As I’m bending over the couch, lint brush in hand, cleaning the cat fur off, I hear thundering footsteps and jangling keys coming down the stairs. It’s my stepfather, dressed in his “Native Sons of the Golden West” sweatshirt and matching baseball cap. “Oh Dear God”, I think. He is carrying a clipboard in one hand and a travelers’ mug filled with coffee in the other. He tries to step over the dog gate at the foot of the stairs…clumsily. Well, his hands are full! He can’t possibly move the gate now could he?

He is going to fall down and crack his head open and I’m going to have to drive him to the hospital.

Entering the room, he looks at me, says “Neener, neener, neener!” then promptly turns and disappears. He doesn’t really go anywhere, he just wants me to come chasing after him, of course.

I don’t.

I sit there on the couch and await his triumphant return.

And wait…

And wait…

And wait…

Now, he’s only moved about 2 feet away, BUT HE’S BEHIND A WALL, SO YOU CAN’T SEE HIM!!!

Is this guy in kindergarten or something?

He finally returns to the living room and I ask him what the “Neener, Neener” was all about. He looks at me triumphantly and says, “I did all the stuff YOU normally do in the morning!”.

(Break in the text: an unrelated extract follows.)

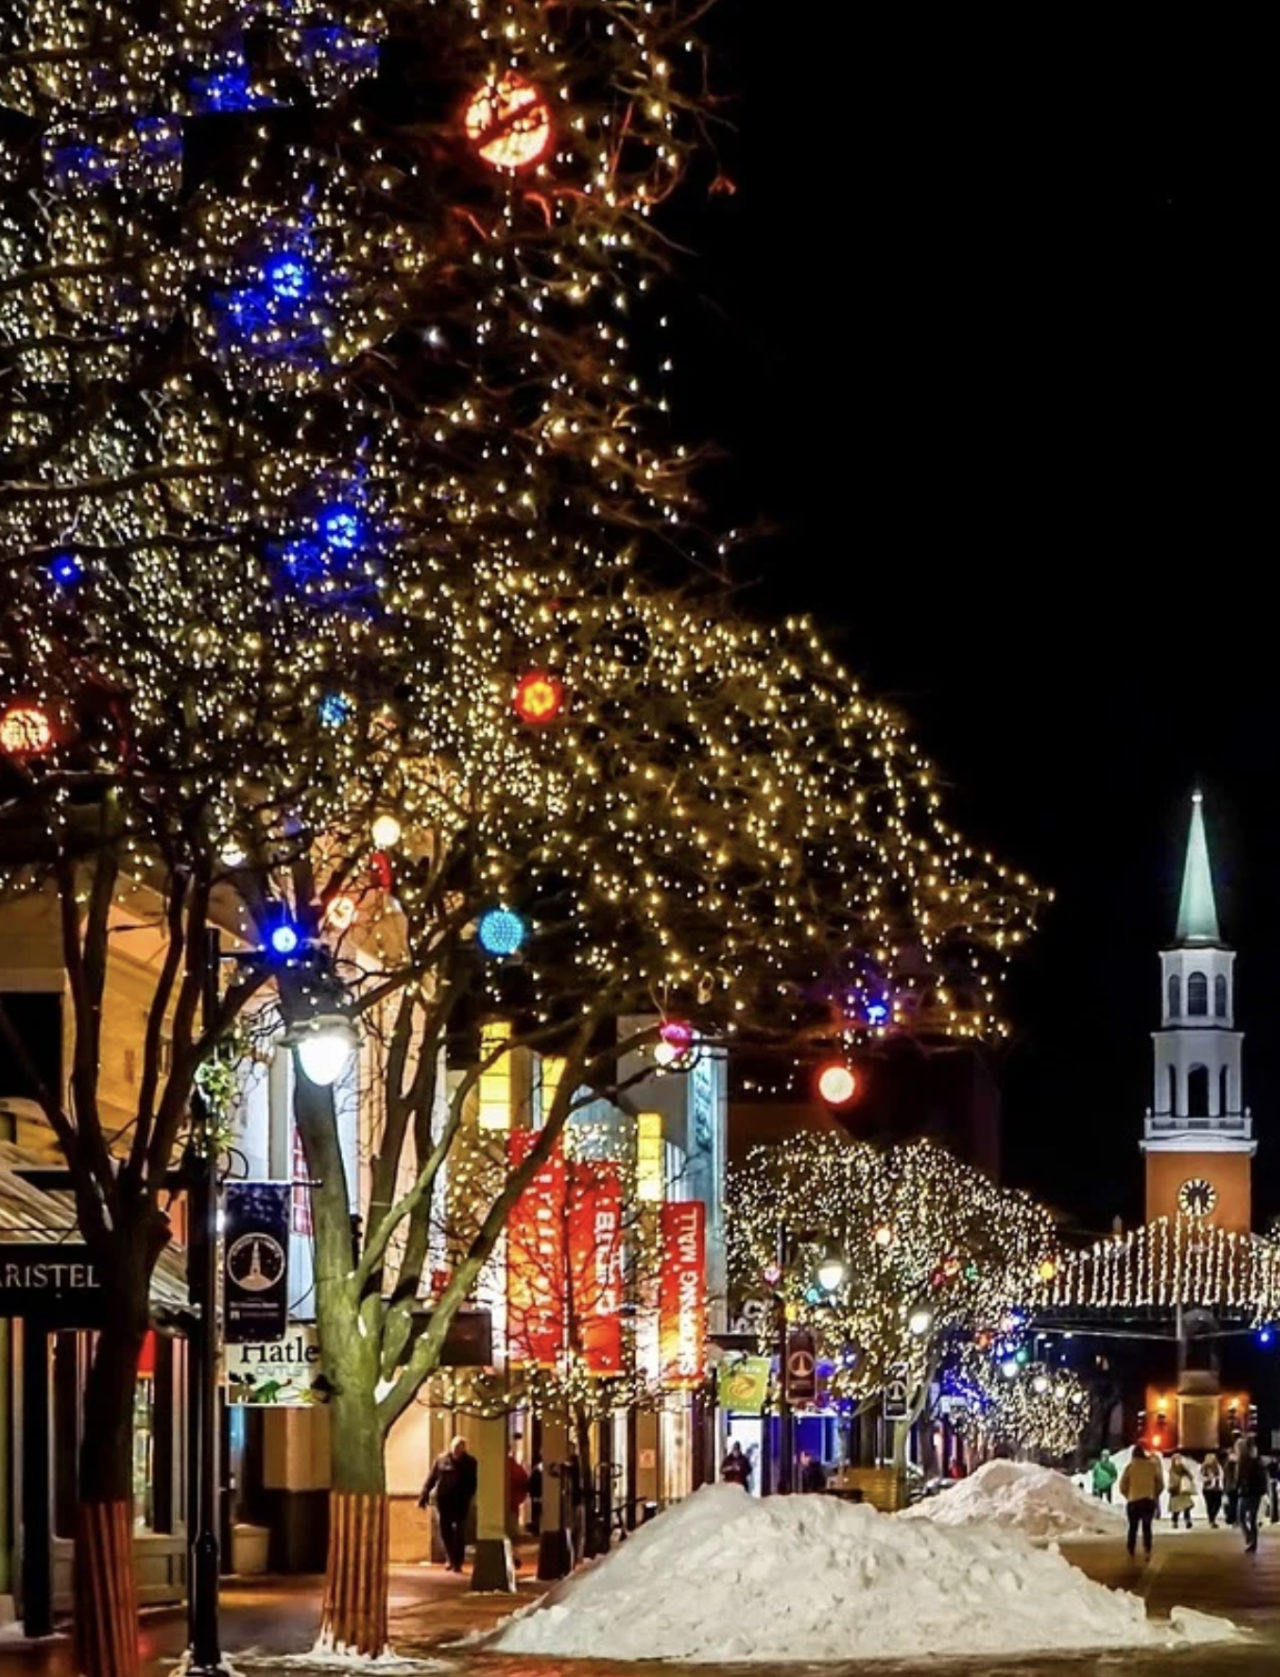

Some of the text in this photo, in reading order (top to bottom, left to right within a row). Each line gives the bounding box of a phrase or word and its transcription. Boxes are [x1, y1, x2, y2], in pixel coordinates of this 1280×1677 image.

[0, 1263, 101, 1288] RISTEL
[677, 1208, 698, 1375] SHOPPING MALL

You bet you did! You big boy you!

You made a pot of coffee, which you already drank half of, and brought in the newspaper. Here big boy, let me give you a gold star to put on your homework. I ask him why he’s wearing all the “Native Sons” memorabilia. He says proudly, “It’s spring cleaning day down at the hall. Do you wanna come?”

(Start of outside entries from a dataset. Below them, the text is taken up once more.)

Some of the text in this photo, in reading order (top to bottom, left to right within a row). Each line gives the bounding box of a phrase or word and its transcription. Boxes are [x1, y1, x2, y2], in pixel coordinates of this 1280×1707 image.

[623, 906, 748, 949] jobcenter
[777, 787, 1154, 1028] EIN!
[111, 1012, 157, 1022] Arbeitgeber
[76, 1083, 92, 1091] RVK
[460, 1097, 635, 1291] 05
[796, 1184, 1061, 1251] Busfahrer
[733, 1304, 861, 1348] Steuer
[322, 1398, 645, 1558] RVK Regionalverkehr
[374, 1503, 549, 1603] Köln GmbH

No thanks dude, I just finished cleaning your house.

I spend the entire time that he’s gone mowing and edging the front lawn, sweeping up the grass and hosing down the driveway and sidewalk.

Just as I’m finishing, his car comes rolling up the street. He stops at the beginning of the driveway, idling. I move the lawnmower, garbage can, broom and hose out of his way. He parks his car and gets out to inspect my handiwork.

The reward for my efforts? He looks at me and says, “Hey, you wanna go and get a root beer float?”.